I was reminded of this story during a recent presentation from Oxnard City Manager Alex Nguyen, who spoke of “Moore’s Law,” a computing term that originated around 1970. The simplified version of this law states that processor speeds, or overall processing power for computers, will double every two years.
Alex was referring to Intel’s chips which have improved performance a factor of 3,500 since they were introduced, reflecting a 90,000-times improvement in energy efficiency and at one-60,000th of the cost.
Had a 1971 Volkswagen Beetle undergone the same transformation, it would now travel at 300,000 miles per hour, achieve two million miles per gallon, and cost four cents. Wow!
Moore’s Law became a guiding light for an industry. Moore’s original article also envisioned a future for cheaper, more powerful semiconductors. He envisioned PCs, cell phones, self-driving cars and electronic wristwatches—all powered by ever-improving chips.
Both the Seven Generation Stewardship concept and Moore’s Law demonstrate the importance of true forward-planning and efficiency.
Alex’s point, however, hits a little closer to home. Like many of us, Alex is very concerned that today’s workforce is ill-prepared for tomorrow’s jobs, which as he points out, are here now.
Here in Oxnard, one of the top issues we hear from employers is a lack of trained and educated workers. There are local jobs waiting to be filled and employers are frustrated with the lack of candidates applying that just don’t meet the necessary criteria for the jobs. For the first time in our country, there are more job openings than there are eligible workers to fill them.
So how did we get here? There are several trends that have contributed to this. One of these is “The Silver Tsunami,” whereby 45% of the current workforce will be retiring and/or leaving the workforce within the next decade.
Another trend is the growth of the temporary worker. The rise of temporary workers is a workforce trend that’s here to stay and there are predictions that 40% of the workforce will be contingent on temporary workers by 2020.
According to the U.S. Bureau of Labor Statistics, temporary workers make up 19% of all new jobs in the U.S. By 2020, more than 40 percent of the U.S. workforce are expected to be temporary or contingent workers.
Just these two trends alone—people leaving the full-time workforce and the growing number of temporary workers--are big contributors to our lack of adequate, qualified employees.
According to "The Atlantic," it’s estimated that the U.S. economy will need as many as 100,000 new information technology workers every year for the next decade.
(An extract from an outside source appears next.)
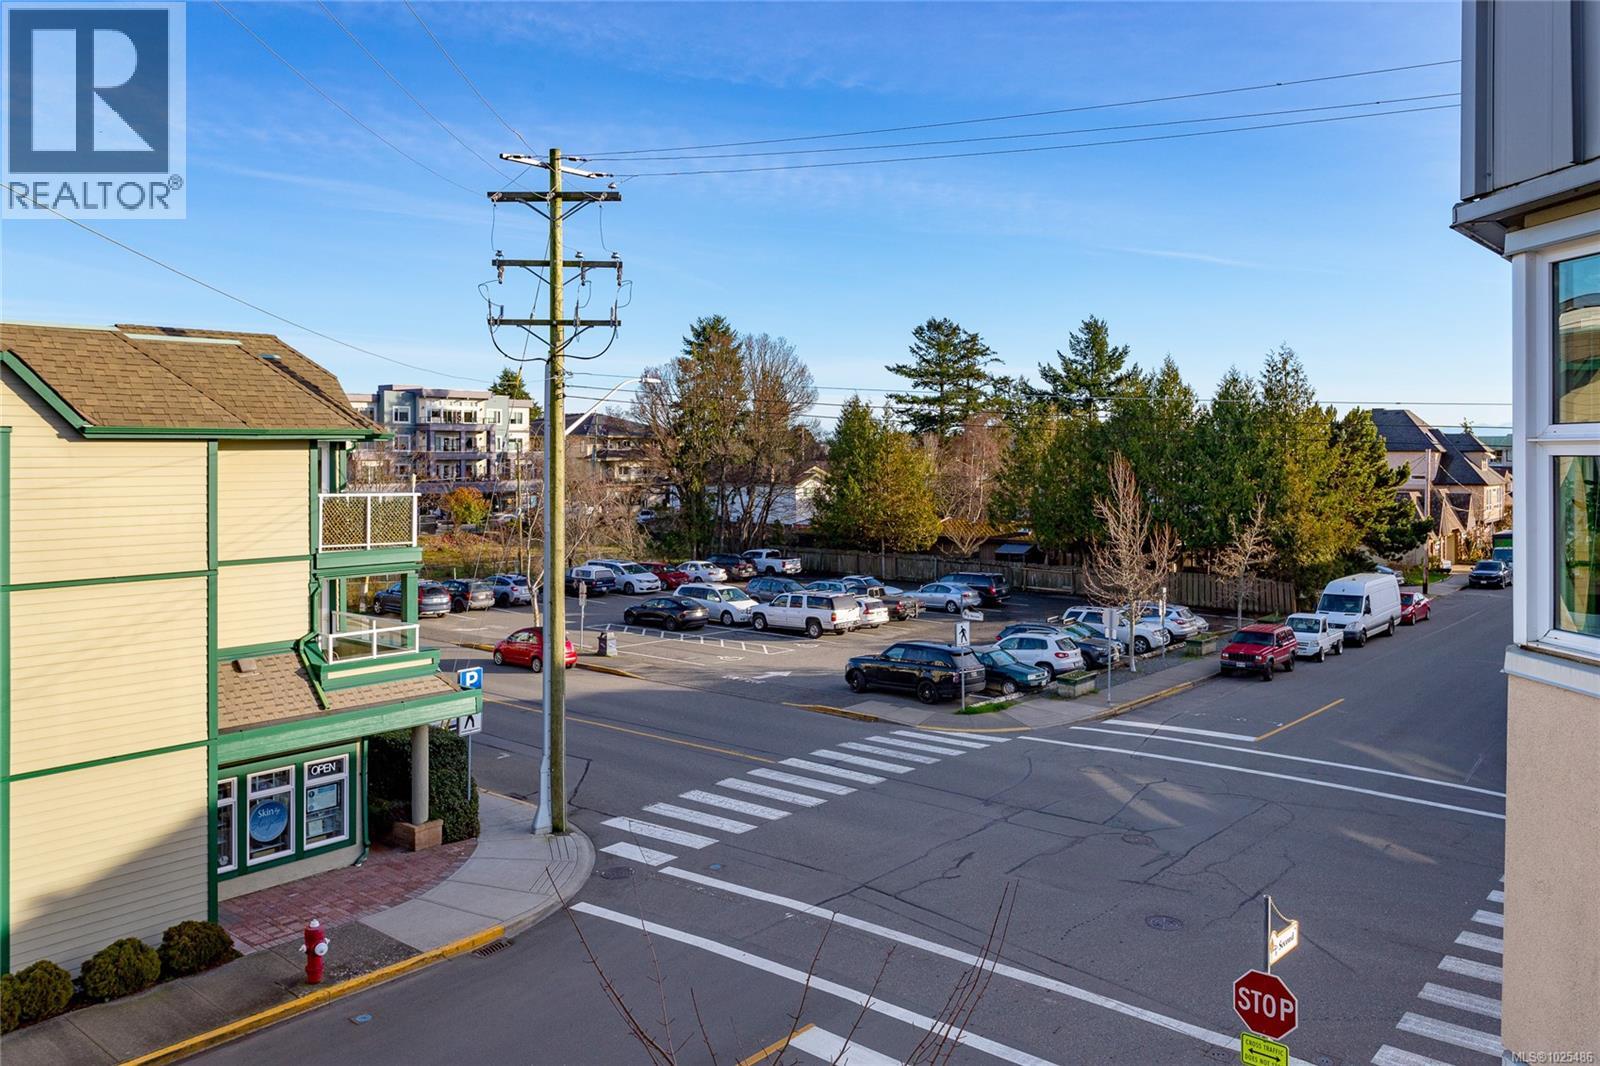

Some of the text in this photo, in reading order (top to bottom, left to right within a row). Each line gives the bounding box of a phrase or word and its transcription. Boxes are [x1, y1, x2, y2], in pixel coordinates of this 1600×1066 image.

By 2026, there will be 2.6 million new jobs in healthcare, one-fifth of all new jobs. The changing demand for specific skills is being felt across industries and, as a result, companies and organizations are investing in programs that empower the workforce of the future through job retraining.
So, what is being done locally and around the country?
But many workers are finding that job retraining alone is not enough. Support networks and social services are needed to support the transition to new types of work.